WASHINGTON

It is never enough for President Donald Trump's supporters to provide casual approval. The cost of loyalty goes higher and higher.

Trump intuits that his base has made a mental accommodation without inherent limits. It takes various forms but involves one formulation: When everything good is at stake, all objections are trivial in comparison. With the identity of America at issue, X is insignificant. With the lives on unborn children on the line, Y is trifling. With the future of Western civilization in the balance, Z is inconsequential.

Over the last few days, the gravity of X, Y and Z has been further clarified. From reporting by Jeffrey Goldberg in the Atlantic, we know that the commander in chief regards Americans who lost their lives in battle as "losers" and can't comprehend the non-monetary motivations for military service.

This is more than a failure of patriotic ritual. Most concisely in the Gettysburg Address, Abraham Lincoln argued that a moral appreciation for self-government requires an understanding of the human cost of sustaining it.

"From these honored dead," he said, "we take increased devotion to that cause for which they here gave the last full measure of devotion."

By Lincolnian reasoning, Trump is indifferent to the fragile majesty of democratic institutions because he is impervious to the sacrifices on which they rest.

Yet, by the relentless logic of Trumpism: Because the American way of life is at stake, the symbolic desecration of every military grave is a minor matter.

From reporting in a book by The Washington Post's Bob Woodward, we also know that Trump was fully aware of the deadly nature of COVID-19 in early February but continued to publicly dismiss the danger. We suspected this, of course, since White House officials had begun ringing alarm bells in January. But Woodward has provided smoking-gun audio evidence that Trump had been informed about COVID-19's dangers by Chinese President Xi Jinping, and was engaged in purposeful public deception in dismissing its seriousness.

"I wanted to always play it down," Trump told Woodward on March 19. "I still like playing it down."

Trump's explanation—that he didn't want to "create a panic"—is only credible if the panic he sought to avoid was on Wall Street. Denying Americans crucial information at the start of a pandemic—when the eventual extent of that pandemic could be dramatically curtailed by concerted action—is outrageous, heartless, reckless negligence. According to some estimates, more than 80% of American COVID-19 deaths could have been avoided if shutdowns and other public health measures had commenced two weeks earlier. By his own words, Trump stands convicted of a level of public health malpractice that amounts to a different kind of American carnage.
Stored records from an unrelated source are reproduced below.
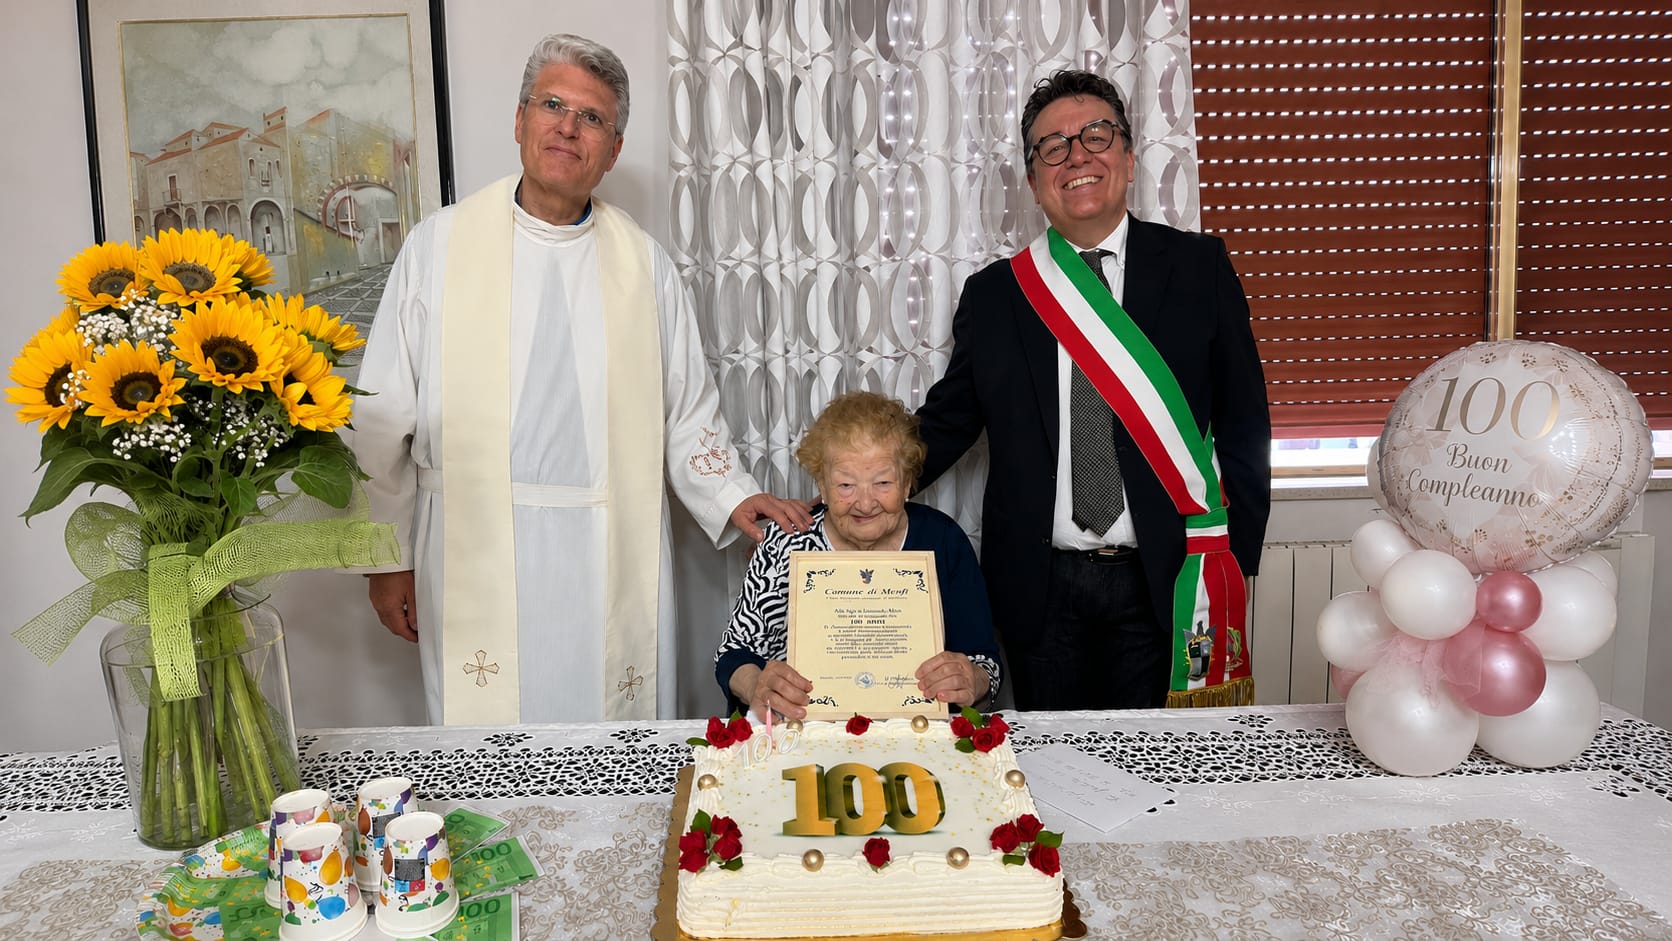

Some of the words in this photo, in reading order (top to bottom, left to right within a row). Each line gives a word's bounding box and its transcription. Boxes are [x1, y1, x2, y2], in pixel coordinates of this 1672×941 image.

[1426, 376, 1560, 440] 100
[1446, 443, 1512, 474] Buon
[1408, 468, 1542, 508] Compleanno
[880, 588, 909, 596] Menfi
[737, 729, 801, 768] 100
[781, 761, 946, 837] 100
Once again, Trump is the ultimate caller of his supporters' bluff. If the president is to eventually save hundreds of thousands of lives from abortion (a patently absurd assumption), then what are tens of thousands of unnecessary deaths from COVID-19 in comparison? In this form of reasoning, it is a simple ethical matter. Just do the math.
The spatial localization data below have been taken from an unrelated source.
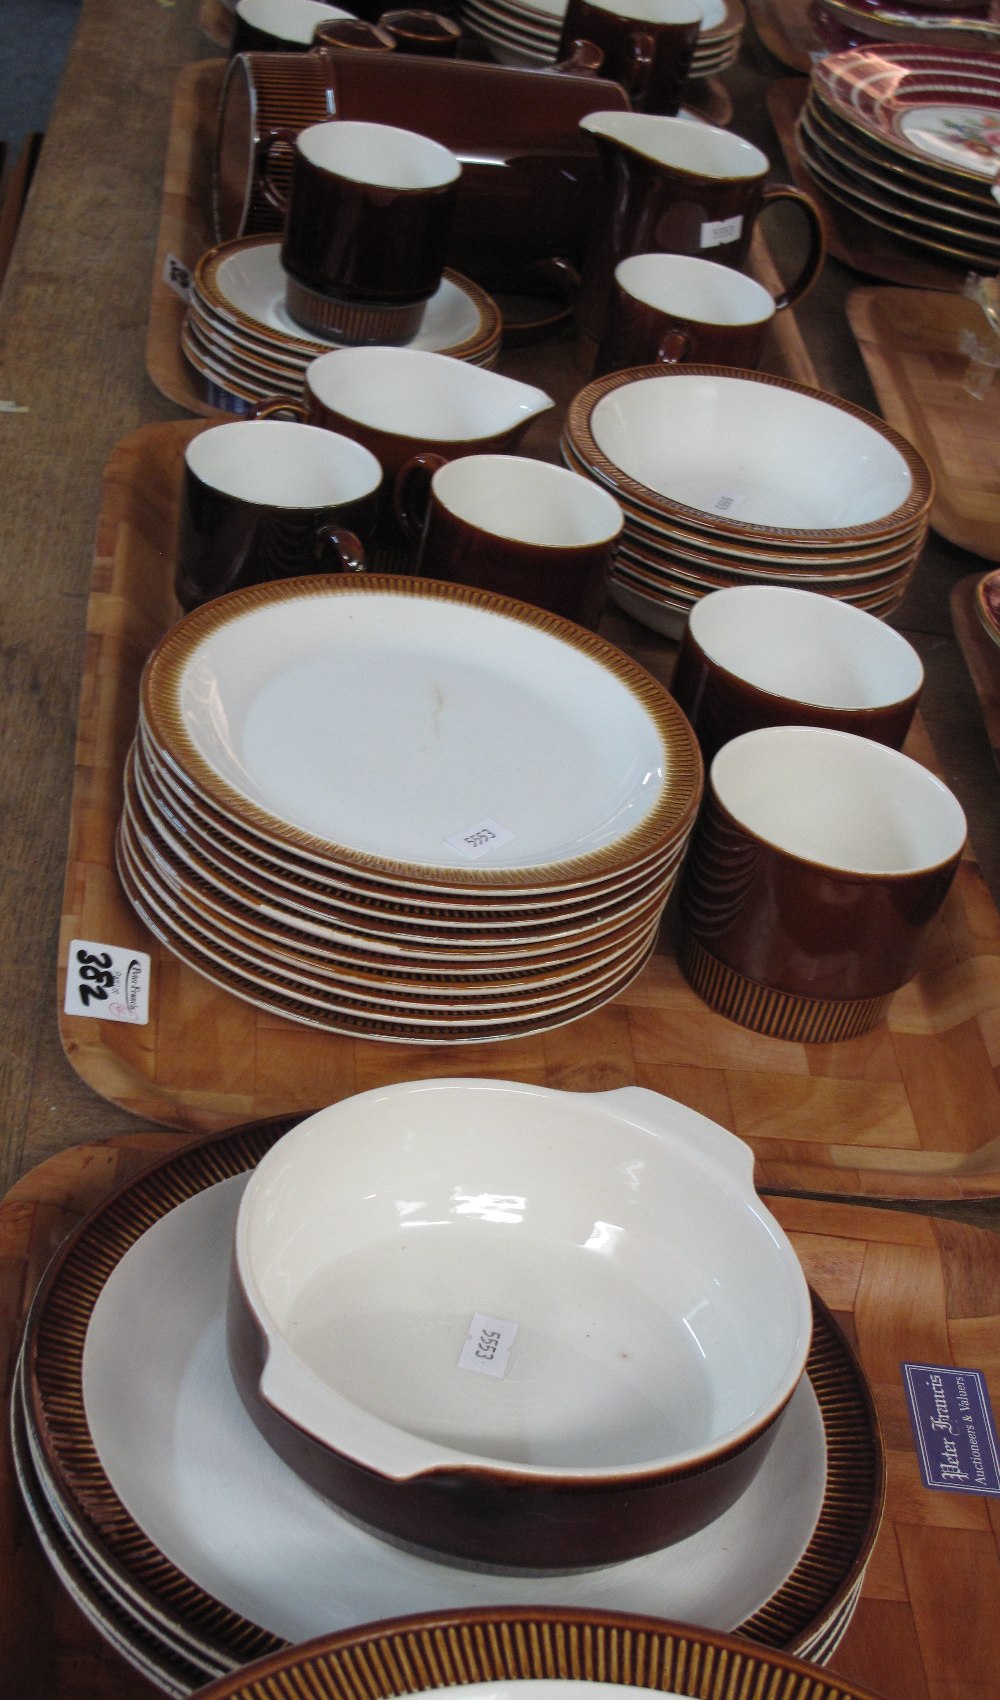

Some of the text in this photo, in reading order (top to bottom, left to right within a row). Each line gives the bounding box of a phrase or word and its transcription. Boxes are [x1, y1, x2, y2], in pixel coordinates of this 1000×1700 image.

[463, 828, 497, 848] 5553
[76, 949, 115, 1007] 382
[475, 1329, 501, 1360] 5553
[926, 1374, 970, 1482] Peter Francis
[956, 1376, 987, 1486] Auctioneers & Valuers
And we all know—from a constantly expanding body of public evidence—that Trump is setting up a challenge to our democratic institutions if he fails to be re-elected in November. He implies that only the votes counted on election night—where he has an electoral advantage—will be reliable and valid. He has already concluded: "The only way we're going to lose this election is if the election is rigged."
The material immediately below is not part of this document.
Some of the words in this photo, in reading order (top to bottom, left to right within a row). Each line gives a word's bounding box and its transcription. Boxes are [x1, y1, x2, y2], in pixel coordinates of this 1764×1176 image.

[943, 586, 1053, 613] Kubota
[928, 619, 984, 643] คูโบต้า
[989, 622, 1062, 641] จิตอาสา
And what true supporter could object? If Trump is really the "bodyguard of Western civilization," what is the delegitimization of one presidential election in comparison?

This reductio ad Trumpism indicates why Trump's base of support is so durable. Assuming that Trump is the defender of Americanism, the only hope of the pro-life cause and the best hope of civilized order, there are few crimes or misdemeanors Trump could possibly commit to forfeit his supporters' approval. The idiocy of such assumptions has done little, so far, to diminish their power.

And this reveals the source of their deepest damage. In such an absurdly constructed political philosophy, Trump can contest the limits of human decency and democratic legitimacy with no fear of rejection by his own party, and thus (given the current configuration of the U.S. Senate) no fear of removal from office.

Now Trump is determining whether this approach can secure a strategic plurality of voters that allows for another electoral college victory. Or at least the plausible impression of such a victory on election night. At that point, Trump will be armed with an argument that places no limits on his freedom of action and with supporters who have lost all moral proportion. That may be the testing point of democracy itself.